When the steerswoman delivered each crate to the top
landing, sometimes the deaf man was there, studying her with shy friendliness.
Sometimes he was absent, and she began to catch the rhythm of his work and
understand how much time had to pass while he brought each crate down the
corridor.

After transferring one crate to his care and pausing until
he was out of sight, she dashed down the stairs as quickly as possible. Meeting
Bel in the middle of the storeroom, she took the burden from her there. “Try to
work a little faster. I need you to be three boxes ahead of me. And see if you
can make them light ones.”

With Rowan and the man working at one pace, and Bel and the
woman outside working at another, it did not take many trips before three boxes
sat waiting at the bottom of the stairs. Rowan chose the smallest, hurried up
to the first landing, and placed the crate in a spot invisible from above.
Returning below, she took a second and managed to reach the top with it in
time to hand it to the man above.

Back at the lower landing, she used her knife to pry up the
lid of the first crate. The thin wood was held by tacks and offered little resistance.
She was able to detach it easily, but temporarily abandoned it to run down for
the third box.

Just as the deaf man came into sight, she placed the third
crate on the top landing, waved at him, and turned back down.

The box she had opened contained a dozen wooden spools,
similar in type to those used for thread, but much larger. Wound around each
was a strand of some substance as thick as heavy yarn, in bizarre colors,
garishly brilliant. Loosening the end of one strand, she found it strangely
stiff. She pulled out a foot-long length and tried to cut it. She was briefly
shocked when the knife failed to cut completely through; if she rewound it, the
mark would be visible, and suspicious. But a second panicked attempt detached
the segment, and she wound it into a tight coil and slipped it into the pocket
with her amulet.

Pounding the lid closed caused a din that prompted Bel to
peer up the stairs in surprise. Rowan ignored her, finished the job, and
brought the box to the top landing to find the deaf man waiting.

Back at the bottom, Bel passed along a somewhat heavier
crate. “This is the last.” When Rowan delivered it, she could not help speaking
to the man again. “Work finished.” Those signals were more abstract, and she
amplified them with gestures including the stairs, the box, herself, and the
man, and a negative shake of her head.

He watched in fascination. Then, with the crate precariously
tucked under one arm, he replied. “I understand.” He paused, thinking, then
hesitantly added, “You go down now.”

She grinned at him, charmed by his intelligence, and waved a
farewell.

As they left the storeroom behind, Bel asked, “What did you
do?”

“I made a friend and acquired a souvenir.”

Reassured by their casual acceptance by the woman and her assistant,
Bel and Rowan continued their explorations. They encountered storerooms,
stables, a smithy, and a woodshop, but no residences. The people they met,
though sometimes surprised, never raised protest.

For this first reconnaissance, the steerswoman selected
routes that kept them close to the outside wall, in order to gain a sense of
the overall shape and limits of the keep, and seek future options for discreet
departure. Of those, they found two.

The first was nothing more than a low window in the wall itself,
but by leaning over the edge, one could see that the cliffs below were a trifle
less sheer than elsewhere, with rocky projections down to the surface of the
lake. Conceivably, a person with a rope could lower herself down the face of
the wall and scramble laboriously to the water. Unfortunately, the window was
in a busy area, and an observer standing nearby would have a clear view of the
entire descent; further, the escapee would have to swim to the shore. Rowan was
not surprised to learn that Bel lacked that skill.

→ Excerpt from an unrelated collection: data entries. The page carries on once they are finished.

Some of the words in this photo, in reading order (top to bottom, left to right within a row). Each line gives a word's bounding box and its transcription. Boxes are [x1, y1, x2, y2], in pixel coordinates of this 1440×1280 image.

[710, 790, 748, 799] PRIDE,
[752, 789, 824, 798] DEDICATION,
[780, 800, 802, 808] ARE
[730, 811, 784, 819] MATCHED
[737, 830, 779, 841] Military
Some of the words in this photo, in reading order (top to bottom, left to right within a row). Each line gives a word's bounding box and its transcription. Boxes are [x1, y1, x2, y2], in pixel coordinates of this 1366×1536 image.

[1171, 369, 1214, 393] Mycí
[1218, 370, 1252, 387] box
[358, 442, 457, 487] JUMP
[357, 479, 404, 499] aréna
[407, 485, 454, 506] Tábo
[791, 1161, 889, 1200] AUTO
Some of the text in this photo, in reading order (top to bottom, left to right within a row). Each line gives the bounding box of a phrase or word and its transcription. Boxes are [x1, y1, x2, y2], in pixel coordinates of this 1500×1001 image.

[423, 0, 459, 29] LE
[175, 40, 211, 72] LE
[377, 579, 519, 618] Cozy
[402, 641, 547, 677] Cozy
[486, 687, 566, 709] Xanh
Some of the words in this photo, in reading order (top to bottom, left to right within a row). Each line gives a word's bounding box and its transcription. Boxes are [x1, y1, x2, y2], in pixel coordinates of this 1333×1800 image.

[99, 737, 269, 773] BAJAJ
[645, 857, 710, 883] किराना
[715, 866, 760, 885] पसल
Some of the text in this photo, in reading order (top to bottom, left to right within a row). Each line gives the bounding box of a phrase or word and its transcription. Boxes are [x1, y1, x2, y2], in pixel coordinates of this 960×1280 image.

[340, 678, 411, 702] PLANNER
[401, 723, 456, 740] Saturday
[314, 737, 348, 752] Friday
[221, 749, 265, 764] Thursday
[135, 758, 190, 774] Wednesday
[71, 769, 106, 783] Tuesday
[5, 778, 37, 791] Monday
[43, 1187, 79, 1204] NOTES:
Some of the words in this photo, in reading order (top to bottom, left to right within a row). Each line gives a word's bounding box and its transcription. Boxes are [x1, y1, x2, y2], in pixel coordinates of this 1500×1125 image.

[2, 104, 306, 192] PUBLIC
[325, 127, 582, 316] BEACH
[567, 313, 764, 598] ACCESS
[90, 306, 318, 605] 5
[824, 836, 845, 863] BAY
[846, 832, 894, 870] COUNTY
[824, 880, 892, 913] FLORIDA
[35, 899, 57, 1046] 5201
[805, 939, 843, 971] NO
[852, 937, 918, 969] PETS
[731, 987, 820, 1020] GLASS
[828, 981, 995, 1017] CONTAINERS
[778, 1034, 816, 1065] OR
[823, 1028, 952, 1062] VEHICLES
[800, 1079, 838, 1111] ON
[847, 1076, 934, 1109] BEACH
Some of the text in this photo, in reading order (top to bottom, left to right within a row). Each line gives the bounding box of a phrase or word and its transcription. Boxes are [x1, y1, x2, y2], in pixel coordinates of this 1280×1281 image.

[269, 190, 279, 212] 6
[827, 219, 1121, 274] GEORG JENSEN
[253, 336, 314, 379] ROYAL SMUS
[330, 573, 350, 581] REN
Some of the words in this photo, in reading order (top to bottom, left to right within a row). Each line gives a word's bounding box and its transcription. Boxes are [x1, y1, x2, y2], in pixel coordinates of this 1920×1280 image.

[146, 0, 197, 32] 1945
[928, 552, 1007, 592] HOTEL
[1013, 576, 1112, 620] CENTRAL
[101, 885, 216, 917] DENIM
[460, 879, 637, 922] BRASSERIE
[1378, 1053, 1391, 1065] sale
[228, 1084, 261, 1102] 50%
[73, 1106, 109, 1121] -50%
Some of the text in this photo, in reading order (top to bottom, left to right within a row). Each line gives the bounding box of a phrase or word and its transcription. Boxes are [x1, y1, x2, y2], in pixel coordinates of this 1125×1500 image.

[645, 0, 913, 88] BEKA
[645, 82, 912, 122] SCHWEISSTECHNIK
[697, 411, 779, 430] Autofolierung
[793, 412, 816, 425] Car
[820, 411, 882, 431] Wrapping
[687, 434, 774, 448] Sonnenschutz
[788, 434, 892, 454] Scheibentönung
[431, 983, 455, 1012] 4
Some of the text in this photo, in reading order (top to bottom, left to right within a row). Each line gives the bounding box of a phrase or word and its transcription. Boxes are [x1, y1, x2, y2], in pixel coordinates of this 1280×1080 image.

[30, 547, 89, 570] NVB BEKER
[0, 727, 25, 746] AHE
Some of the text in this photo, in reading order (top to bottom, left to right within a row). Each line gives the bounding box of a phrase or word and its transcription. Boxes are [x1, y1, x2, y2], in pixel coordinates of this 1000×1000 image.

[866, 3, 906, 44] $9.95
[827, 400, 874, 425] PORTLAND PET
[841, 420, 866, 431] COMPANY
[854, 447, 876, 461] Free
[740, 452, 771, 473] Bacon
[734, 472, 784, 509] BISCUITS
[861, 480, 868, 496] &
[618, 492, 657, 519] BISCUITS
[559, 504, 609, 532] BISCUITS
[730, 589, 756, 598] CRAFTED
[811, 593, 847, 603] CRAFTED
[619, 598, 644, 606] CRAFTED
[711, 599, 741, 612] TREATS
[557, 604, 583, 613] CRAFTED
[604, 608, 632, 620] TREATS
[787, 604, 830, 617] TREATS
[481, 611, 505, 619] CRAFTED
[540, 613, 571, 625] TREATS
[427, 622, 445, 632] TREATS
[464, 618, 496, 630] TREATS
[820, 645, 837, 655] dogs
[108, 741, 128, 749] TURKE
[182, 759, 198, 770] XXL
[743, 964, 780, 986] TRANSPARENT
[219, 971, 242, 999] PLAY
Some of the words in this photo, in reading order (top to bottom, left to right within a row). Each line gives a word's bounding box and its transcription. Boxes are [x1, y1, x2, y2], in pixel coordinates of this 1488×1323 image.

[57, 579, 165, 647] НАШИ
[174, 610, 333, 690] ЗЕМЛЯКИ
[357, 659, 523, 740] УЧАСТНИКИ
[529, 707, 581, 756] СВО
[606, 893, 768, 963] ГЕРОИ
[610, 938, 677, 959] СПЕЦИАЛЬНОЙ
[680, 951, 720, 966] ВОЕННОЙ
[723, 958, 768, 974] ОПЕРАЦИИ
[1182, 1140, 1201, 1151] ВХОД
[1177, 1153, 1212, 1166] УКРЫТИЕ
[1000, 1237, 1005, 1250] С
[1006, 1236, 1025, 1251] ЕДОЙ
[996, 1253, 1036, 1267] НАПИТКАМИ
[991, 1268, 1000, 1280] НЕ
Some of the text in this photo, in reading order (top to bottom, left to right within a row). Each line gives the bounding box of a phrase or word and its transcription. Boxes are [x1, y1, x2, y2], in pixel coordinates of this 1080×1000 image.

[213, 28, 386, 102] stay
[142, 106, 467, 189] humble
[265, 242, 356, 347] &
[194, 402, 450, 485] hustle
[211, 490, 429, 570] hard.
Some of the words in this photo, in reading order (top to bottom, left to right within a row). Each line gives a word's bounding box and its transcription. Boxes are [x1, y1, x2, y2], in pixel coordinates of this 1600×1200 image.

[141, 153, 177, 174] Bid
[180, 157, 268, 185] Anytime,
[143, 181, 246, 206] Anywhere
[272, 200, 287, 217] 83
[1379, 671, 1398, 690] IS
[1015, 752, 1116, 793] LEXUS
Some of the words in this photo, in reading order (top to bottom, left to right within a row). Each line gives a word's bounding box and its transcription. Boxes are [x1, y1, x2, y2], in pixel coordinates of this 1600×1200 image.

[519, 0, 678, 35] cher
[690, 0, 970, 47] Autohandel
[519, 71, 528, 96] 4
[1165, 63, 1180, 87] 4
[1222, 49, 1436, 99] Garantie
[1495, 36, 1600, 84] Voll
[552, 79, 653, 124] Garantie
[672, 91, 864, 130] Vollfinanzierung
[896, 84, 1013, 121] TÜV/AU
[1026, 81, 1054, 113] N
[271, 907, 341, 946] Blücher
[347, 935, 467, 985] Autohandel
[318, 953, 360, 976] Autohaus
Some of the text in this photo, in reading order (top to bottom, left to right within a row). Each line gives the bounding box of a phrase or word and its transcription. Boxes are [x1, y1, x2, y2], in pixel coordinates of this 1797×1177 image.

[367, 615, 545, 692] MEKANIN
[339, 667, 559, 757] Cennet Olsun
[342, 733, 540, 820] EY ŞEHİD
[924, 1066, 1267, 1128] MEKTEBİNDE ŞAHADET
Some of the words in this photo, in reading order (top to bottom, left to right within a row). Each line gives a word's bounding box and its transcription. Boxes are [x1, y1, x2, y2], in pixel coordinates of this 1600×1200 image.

The second exit was a small gate on the north side, facing
the body of the lake. Stone stairs led down the cliffs to a wharf, where a
jolly gaff-rigged sailing dinghy bobbed, a pleasure boat. The gate was closed
by an iron grille, locked, and equipped with the same brass box found at the
end of the front causeway. Possibly their amulets would open it, but she dared
not try, remembering what the guard had said about a “tally.”

The women peered through the grille.

“That’s our best chance, if we need to leave quickly,” Rowan
said. “Can you handle that boat?”

“A simple matter.”

They retraced their steps to the first courtyard they had found
and took a different exit. By asking a passing washwoman, they found the
barracks and training area of the resident guard and presented themselves to
DruM.

Rowan repeated their story to him, filling it with many
details of the action during the war, altered from the point of view of the observers
who had reported it to Hugo, to the point of view of a soldier in its midst.
She included a certain number of likely soldierly complaints, including
invective at the insanity of using a basilisk in close combat. Long before she
had finished, she saw Druin’s gaze wandering in boredom and knew that she had
convinced him of their authenticity.

It took him a moment to realize that she had stopped
speaking. “Yes. Well.” He regathered himself, attempting to look official, and
succeeding in looking harried. “Of course we can use you. Mustering people out,
everybody coming and going—confuses things. And this new business; just makes
it all worse.”

Rowan remembered that he was new at his job. “What happened
to Clara?” The guard at the gate had mentioned her as someone Rowan might be
expected to know, and so it was desperately necessary to avoid her.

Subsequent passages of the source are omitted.